___ The data ___

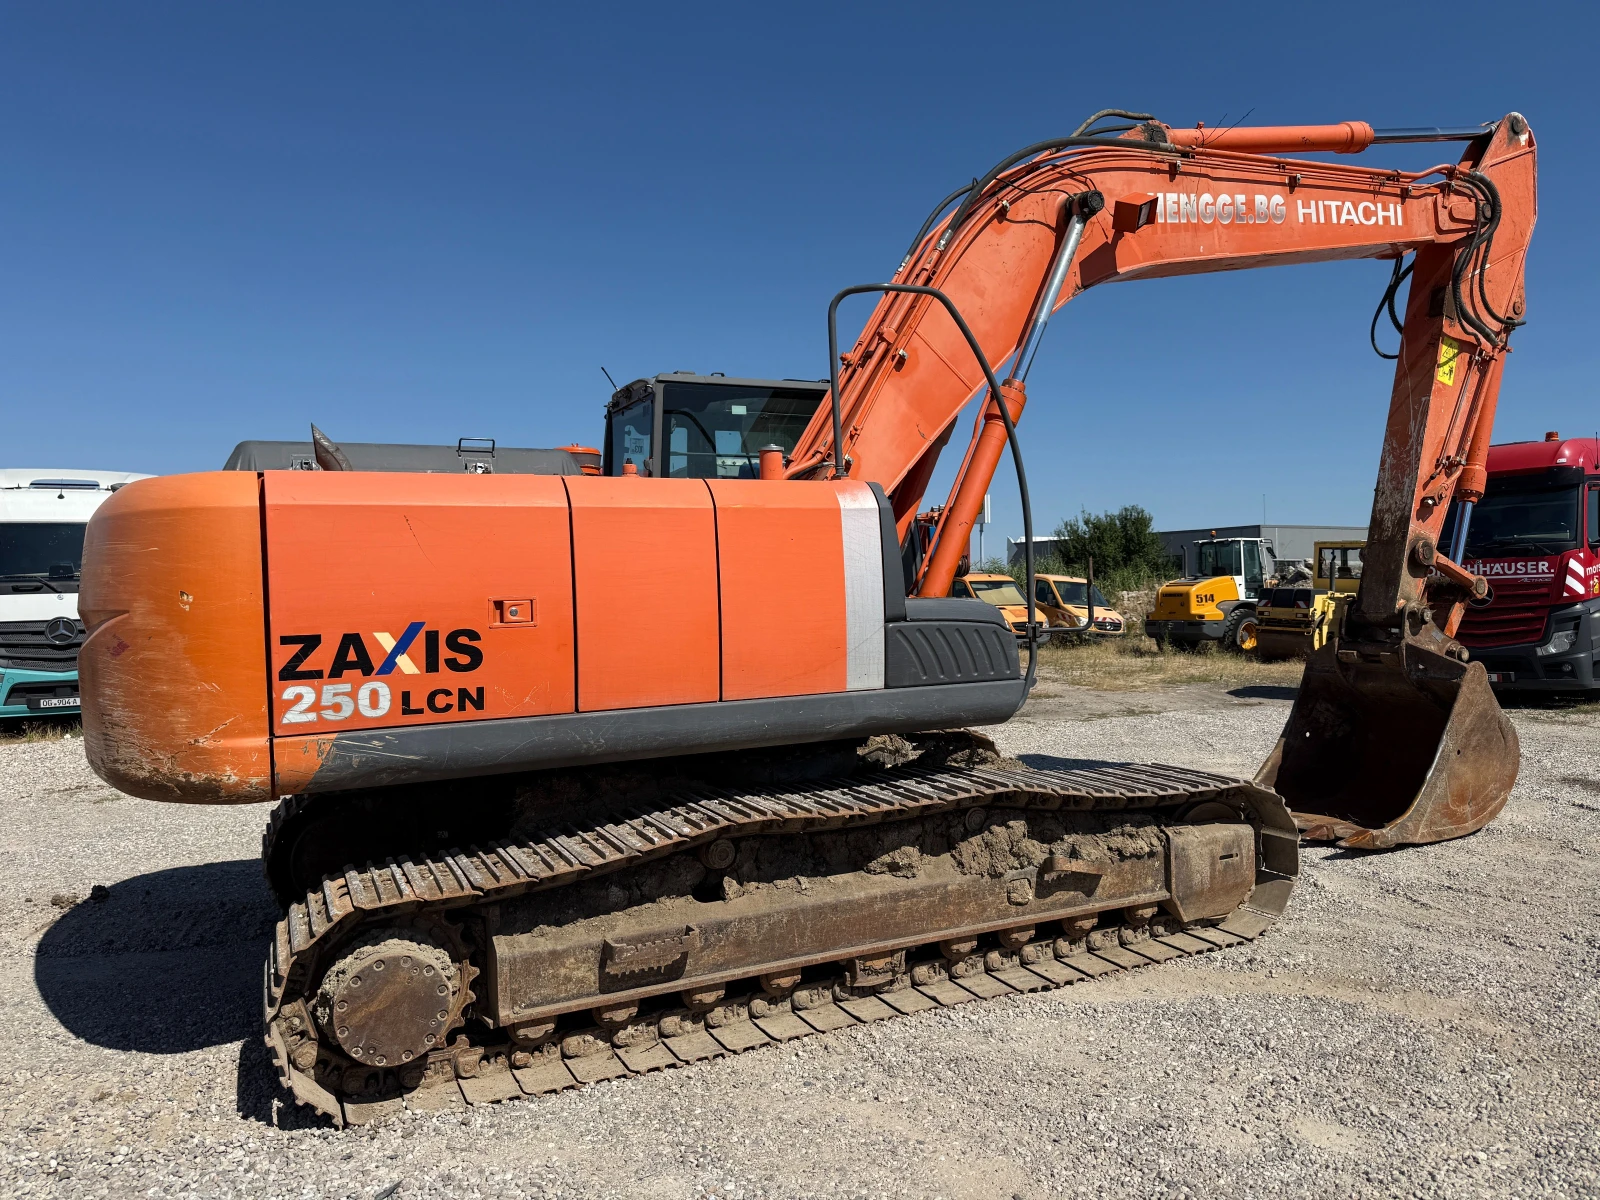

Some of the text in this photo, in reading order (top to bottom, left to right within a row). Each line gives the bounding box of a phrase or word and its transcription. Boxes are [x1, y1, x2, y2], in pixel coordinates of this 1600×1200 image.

[1297, 199, 1403, 226] HITACHI
[1196, 593, 1215, 603] 514
[278, 621, 484, 681] ZAXIS
[281, 681, 485, 724] 250 LCN
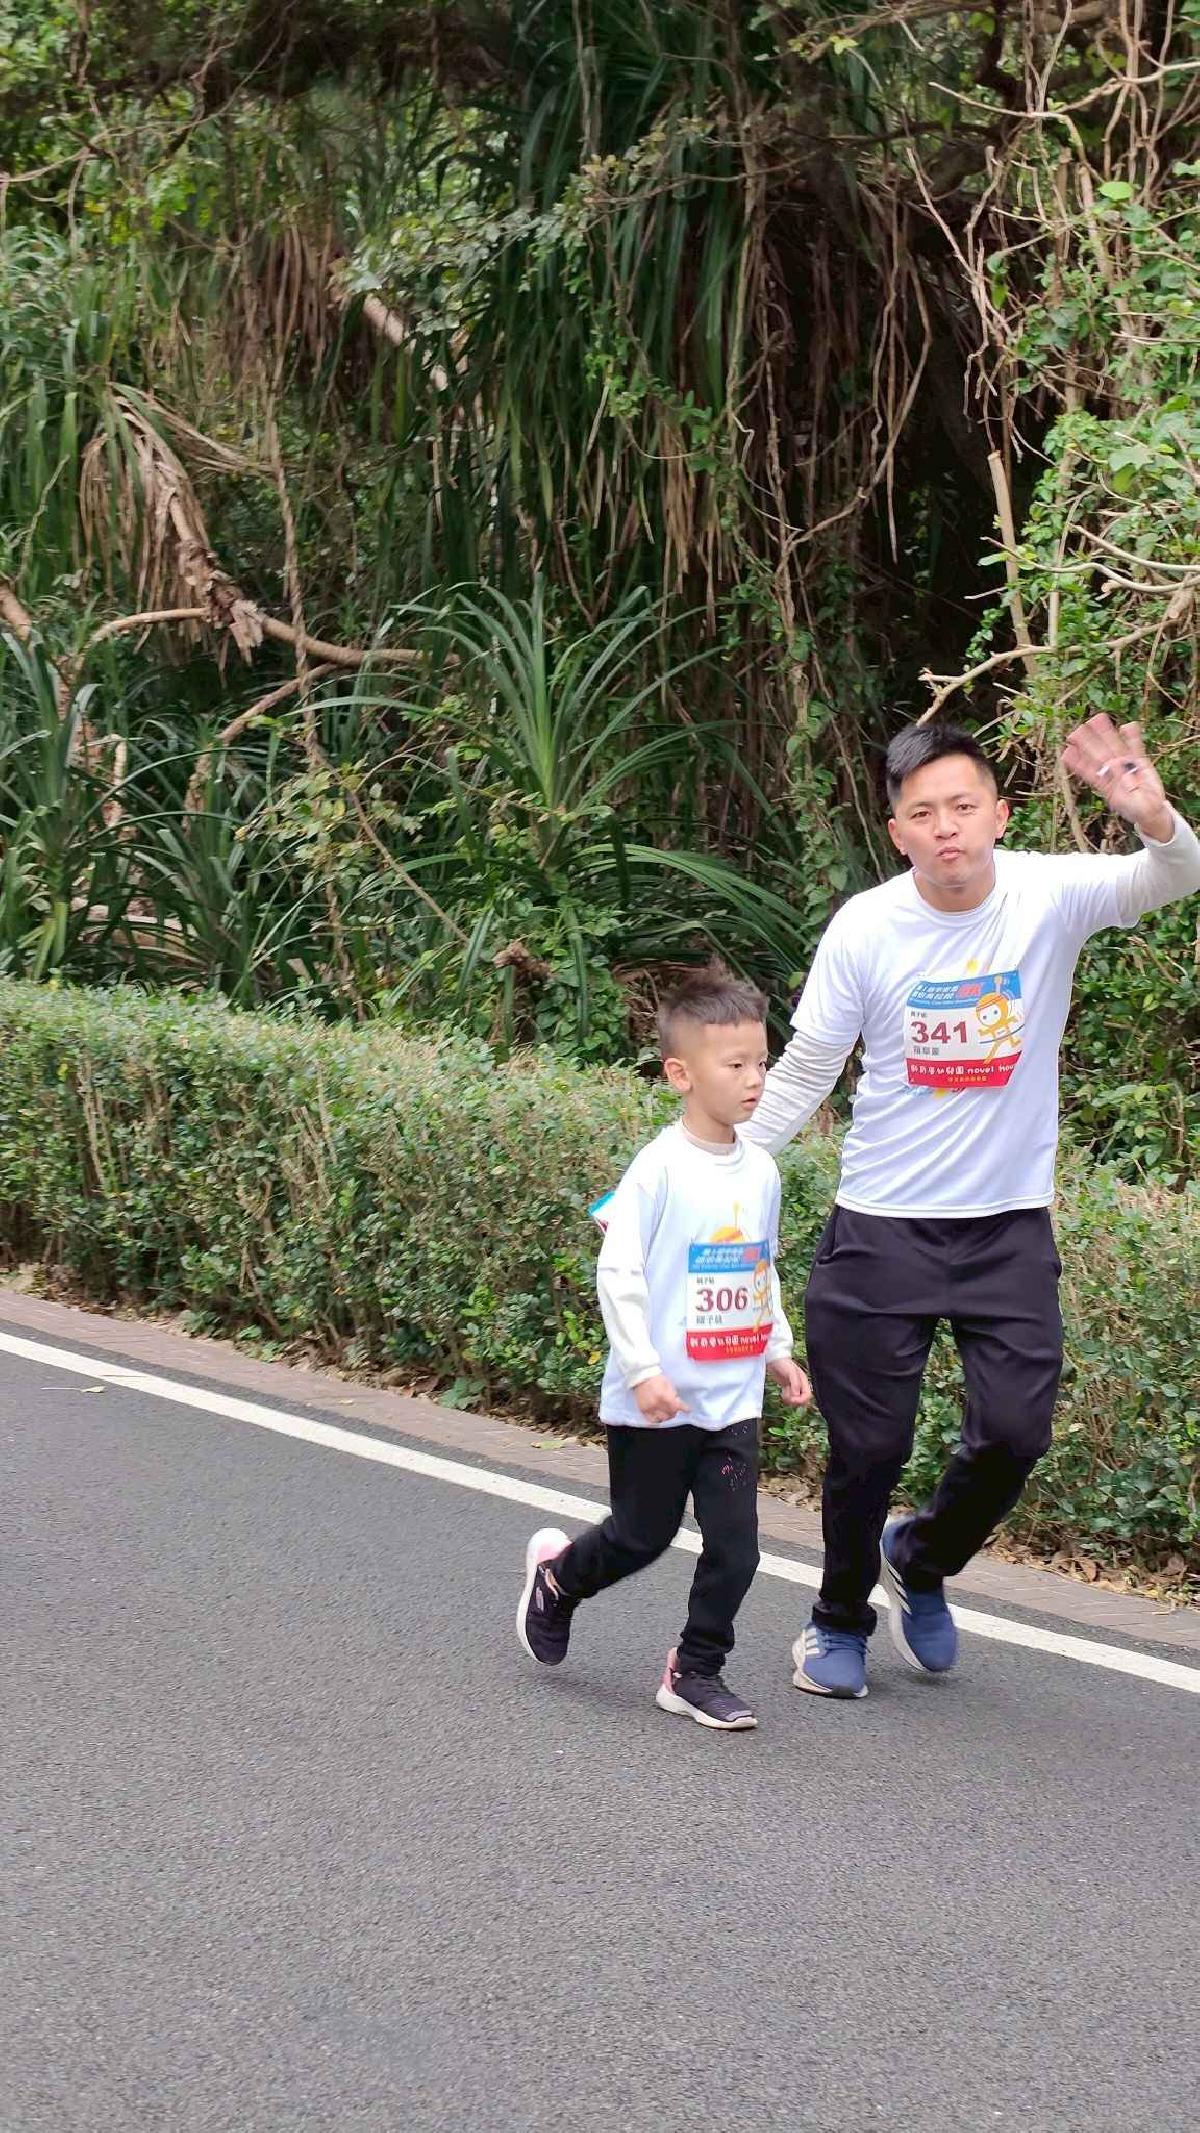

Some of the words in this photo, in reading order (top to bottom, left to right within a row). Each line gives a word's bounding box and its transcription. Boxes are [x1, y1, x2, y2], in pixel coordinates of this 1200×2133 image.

[910, 1021, 967, 1043] 341
[967, 1065, 994, 1075] novel
[695, 1287, 748, 1311] 306
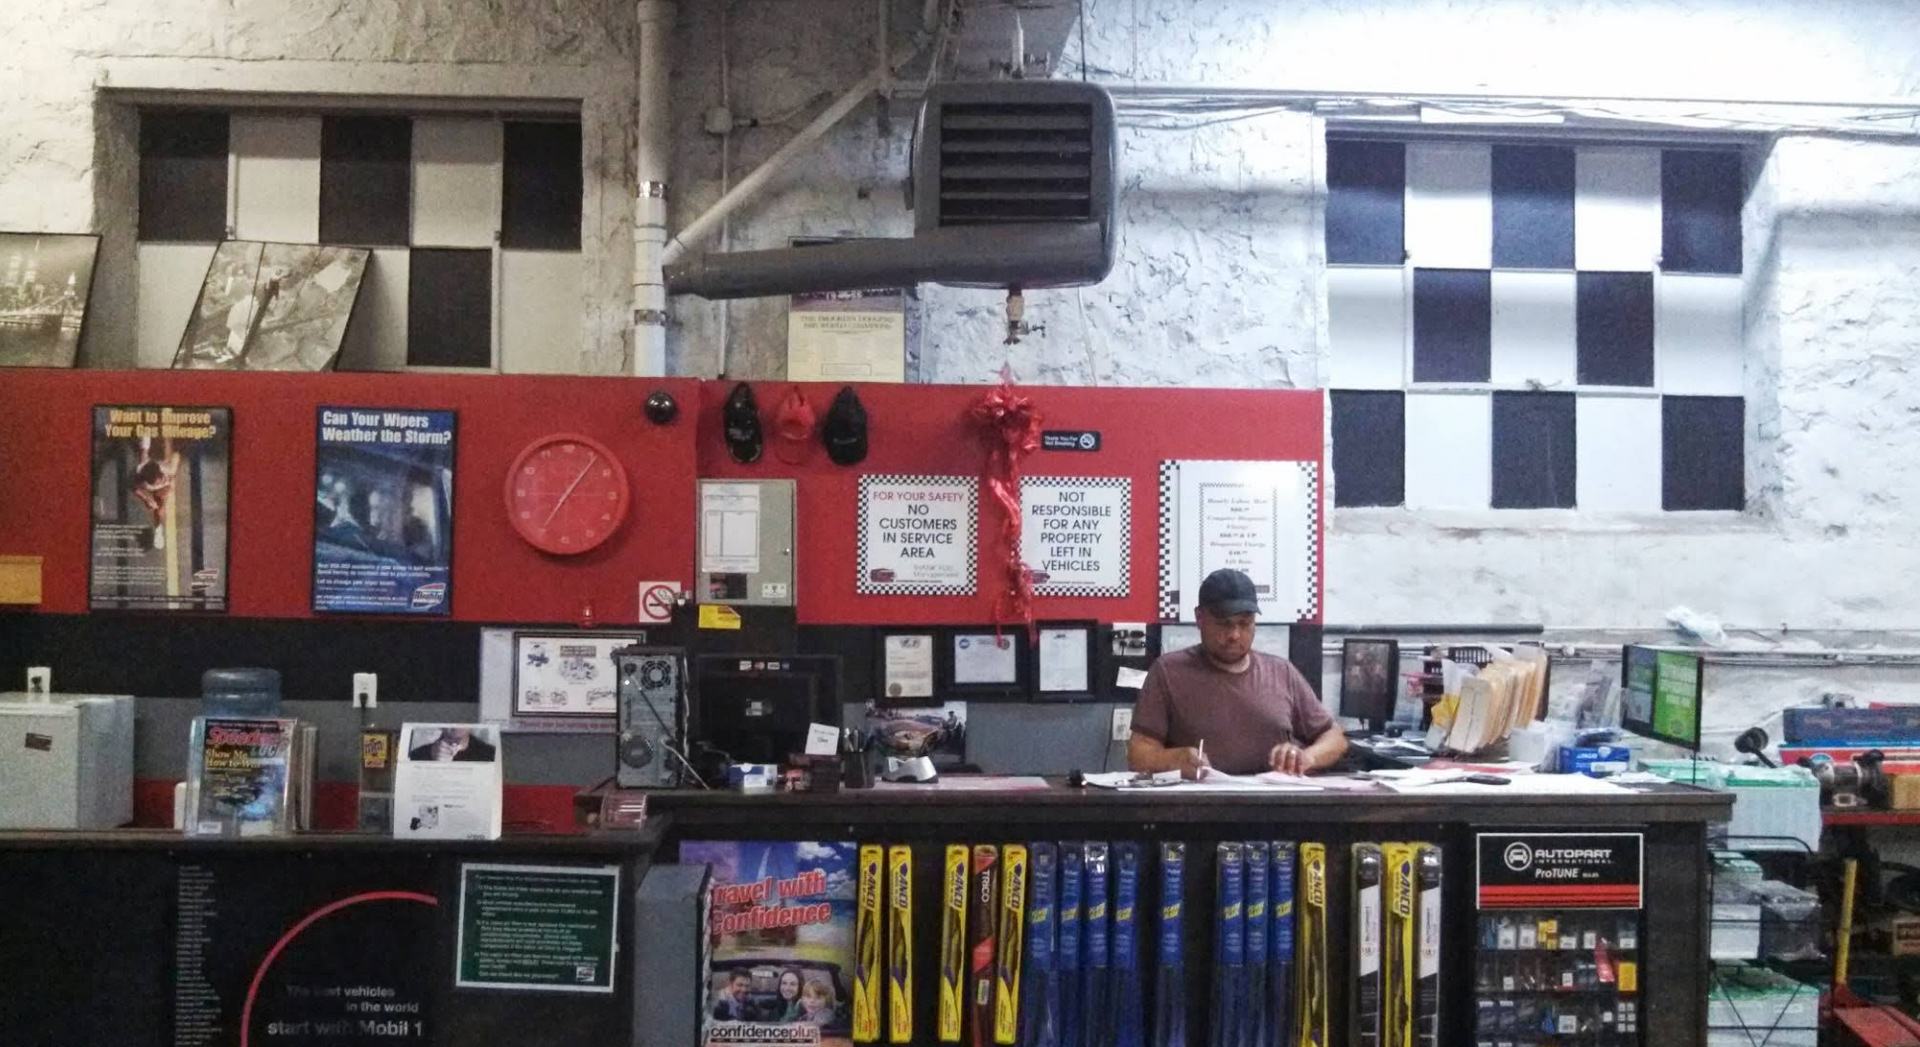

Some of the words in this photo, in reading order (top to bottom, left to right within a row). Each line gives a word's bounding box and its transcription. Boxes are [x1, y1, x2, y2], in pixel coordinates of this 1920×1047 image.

___

## To do
Where the line containing "this 1200×2133 image." appears, begin writing out the lines exactly, and continue through the end of the material above, omitting pictures.

## Reply
Some of the words in this photo, in reading order (top to bottom, left to right within a row). Each line gives a word's bounding box and its transcription. Boxes are [x1, y1, x2, y2], in pixel coordinates of this 1200×2133 image.

[910, 1021, 967, 1043] 341
[967, 1065, 994, 1075] novel
[695, 1287, 748, 1311] 306

Some of the words in this photo, in reading order (top to bottom, left to right within a row). Each line gives a word's bounding box and its transcription. Boxes are [x1, y1, x2, y2], in pixel coordinates of this 1920×1047 image.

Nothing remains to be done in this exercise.